At some point during the night, Mmhmmhmm had burst through the floor and told them he’d found a larger space. Wilplink was half asleep by then, dreaming of the common folk revering him for liberating them, but also, for some reason, of an angry rhinoceros demanding the return of his precious diamonds.
“How large a space, Mmhmmhmm?” asked Ruby.
“Oh please, as if I stayed long enough to measure,” said the mole. “Twice this room, I imagine.”
“Not good enough. Search again. I want this room’s size tenfold, or I fear I’ll never be able to breathe again!”
Ruby heard a noise and suddenly turned to the door, overturning the table and ripping the map with her left wing.
The door opened this time.
A boar walked in. With a frown, his tusks pushed the table back in its place. Then he removed the canvas bag from his back and displayed its contents with many a clang, thud and clink.
His companions had only expected the clink.
“Why on Somnia did you steal papyrus-or-something?”
“Met a chameleon along the way. Really weird guy, but smart. Proposes sending secret messages using the aqueducts.”
“Oh please, are you blind?”
The mole pushed himself onto the table, with effort.

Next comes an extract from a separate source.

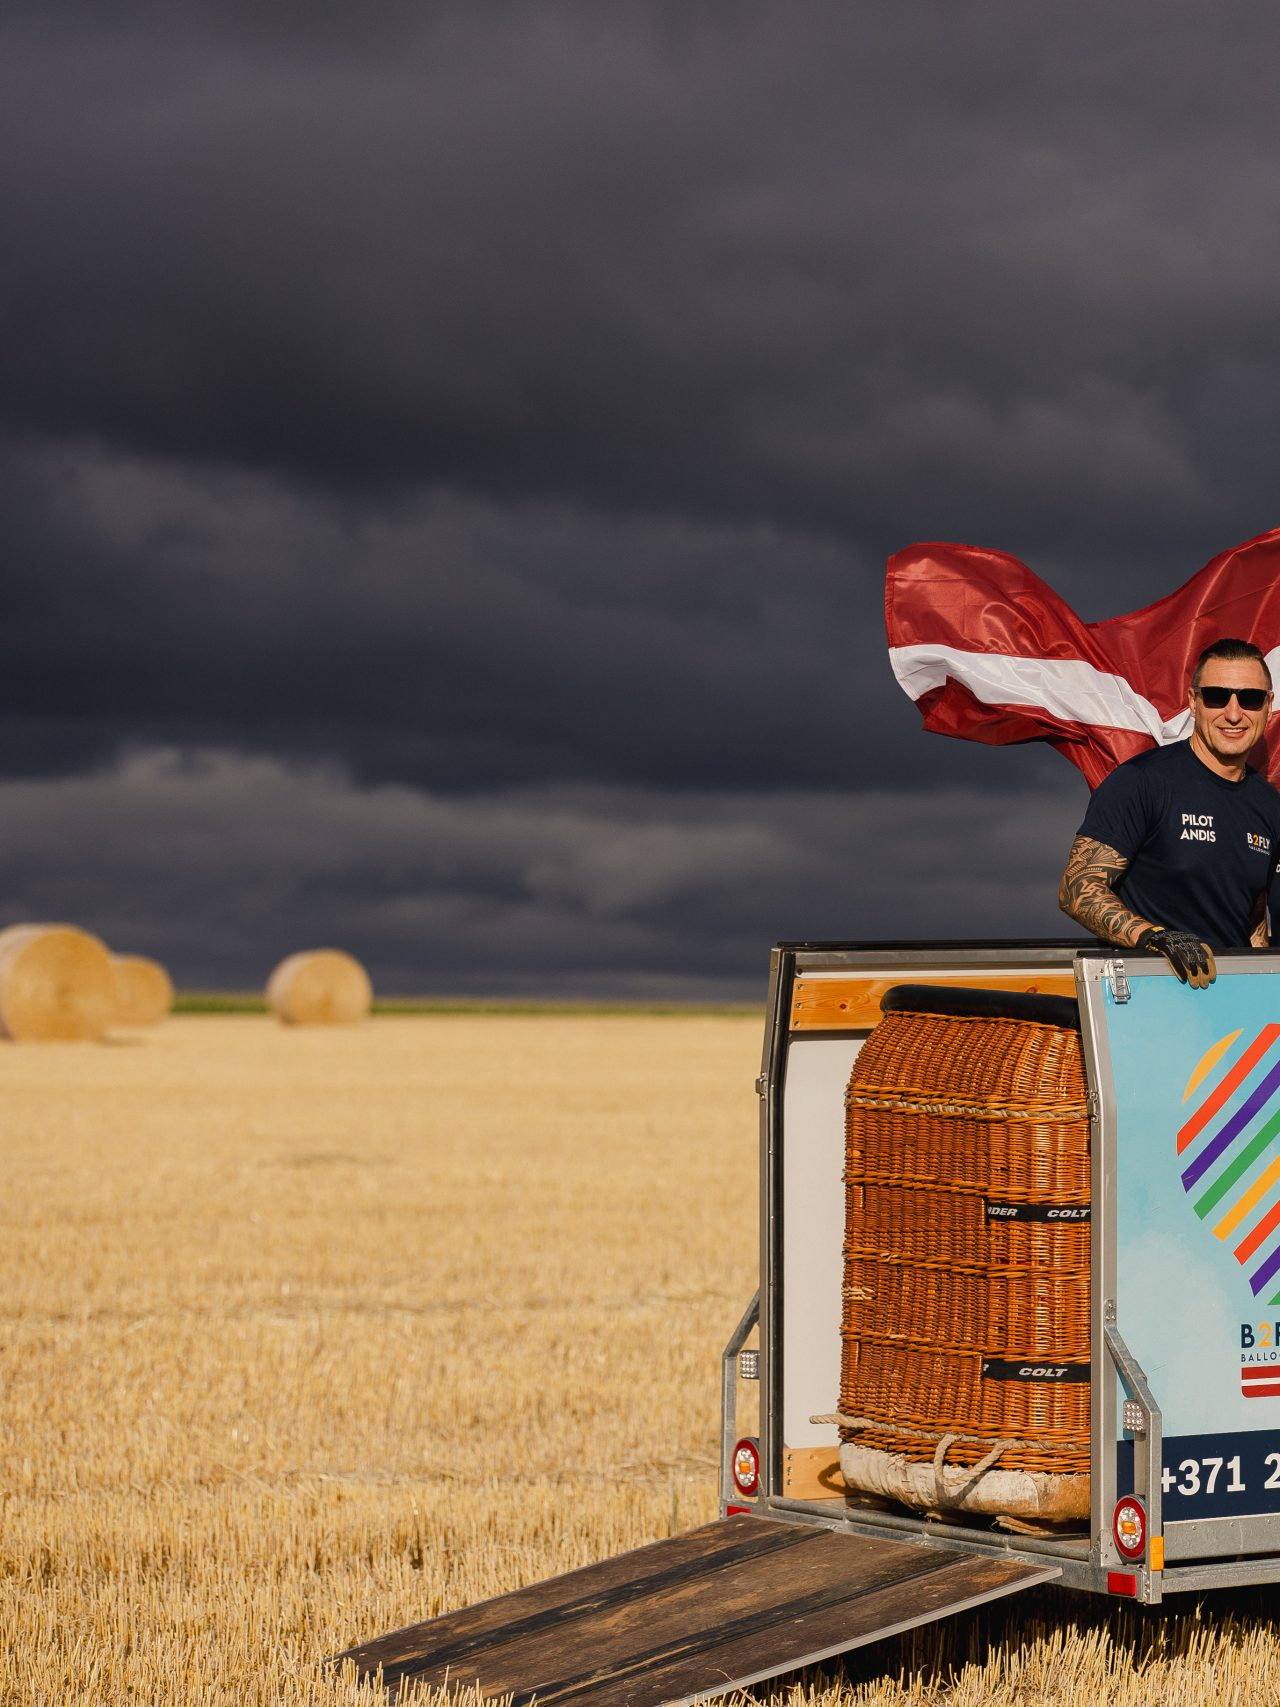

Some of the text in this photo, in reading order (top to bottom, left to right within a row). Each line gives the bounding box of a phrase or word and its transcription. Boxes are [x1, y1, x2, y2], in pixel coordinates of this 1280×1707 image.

They caressed the pile of diamonds and golden coins, rubbing them against his fur and whiskers.
“Boaris, you fool. That what took you so long?” asked Ruby. She yanked the diamonds from Mmhmmhmm’s many-fingered hands to inspect if they were real. This highly scientific test involved looking really closely, trying to crush the diamond by stepping on it, and holding it in firelight to see if a rainbow occurred.

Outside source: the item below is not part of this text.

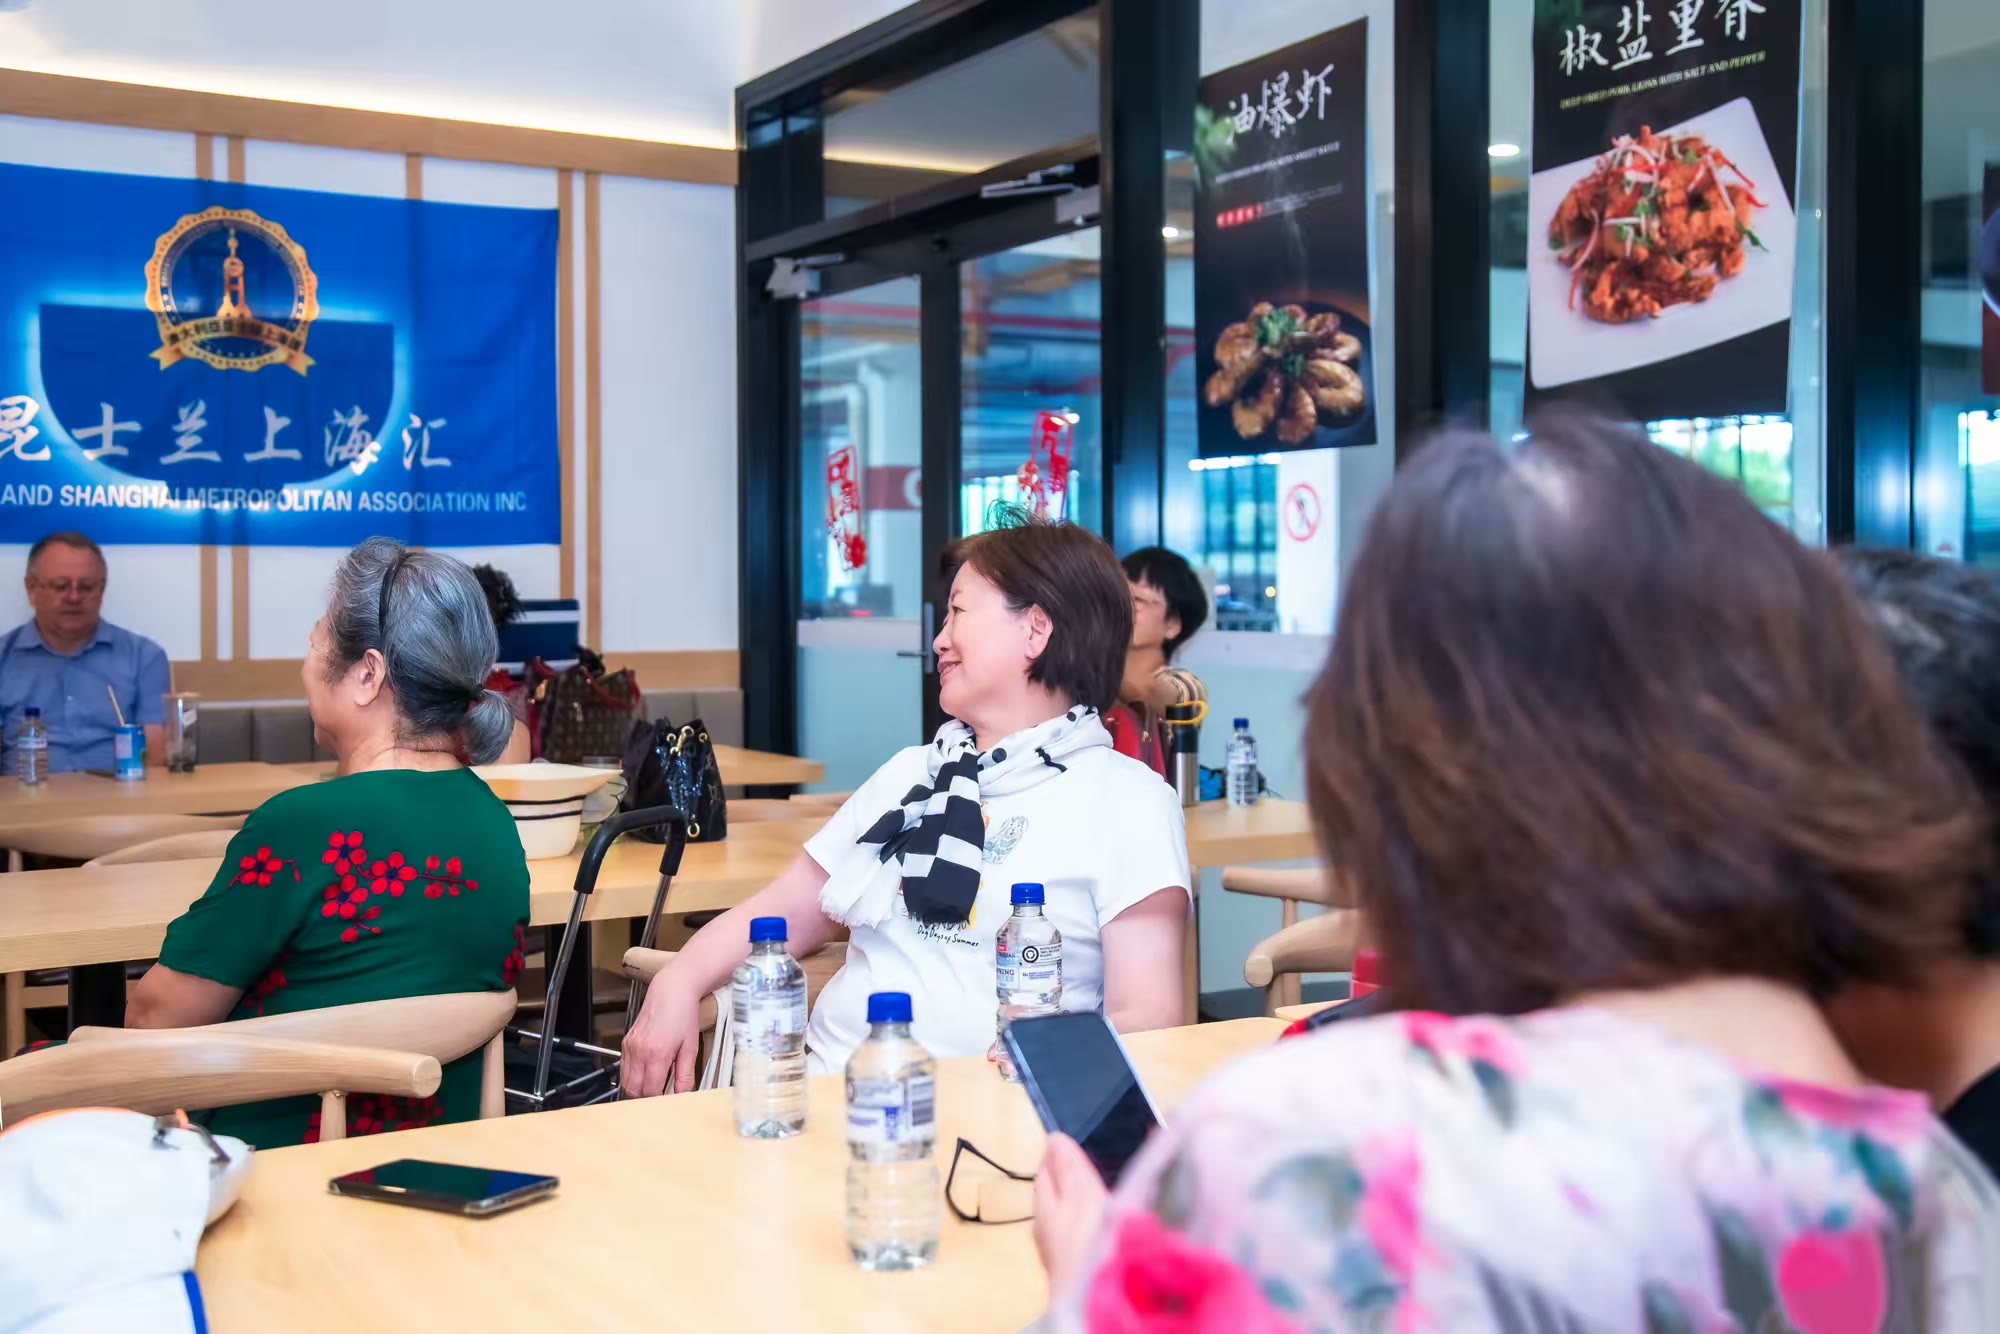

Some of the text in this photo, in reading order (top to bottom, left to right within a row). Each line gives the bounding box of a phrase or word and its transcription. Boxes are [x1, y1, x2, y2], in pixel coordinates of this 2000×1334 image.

“No. I had to deal with some … particularly inquisitive elephants.”
“They are on to us?”
“They are. The Tattlerat has already spread the rumor. Any more fires will probably be studied more closely—it’s too dangerous now.”
“Then we try something new.”
“What did you do to the elephants?” asked Wilplink.
“I know who they are and where they live. They are not bad beings. Call themselves firefighters. I hope they simply forget about us, as long as we start no more fires.”
“Then you are truly a fool,” said Ruby. She reached into a hole in the wall and came back with a black and green garment. It fit over her feathers and made her otherwise iridescent body near invisible in the night. Confusingly, she insisted on wearing a funny hat that was sure to draw attention, which earned her the nickname Ruby Hat.
As far as criminal gangs go, Wilplink often told himself, this was surely the least professional of all he encountered. And yet, it was far more successful. They had been operating for ten years now, using “accidental fire” as cover, before someone found out.
Ruby took some of the diamonds, which she’d sell for whatever Amor needed to be freed. The remaining spoils were shared equally among the companions.
“I must go,” said Ruby, not allowing any more questions. “Prepare for our next mission. Do not lose faith. And Wilplink, please make the odds in our favor.”
“I’m not a wizard-or-something,” he grumbled. Then he set to work: what other disasters could befall a home, but allow them to steal and get out unscathed and unnoticed?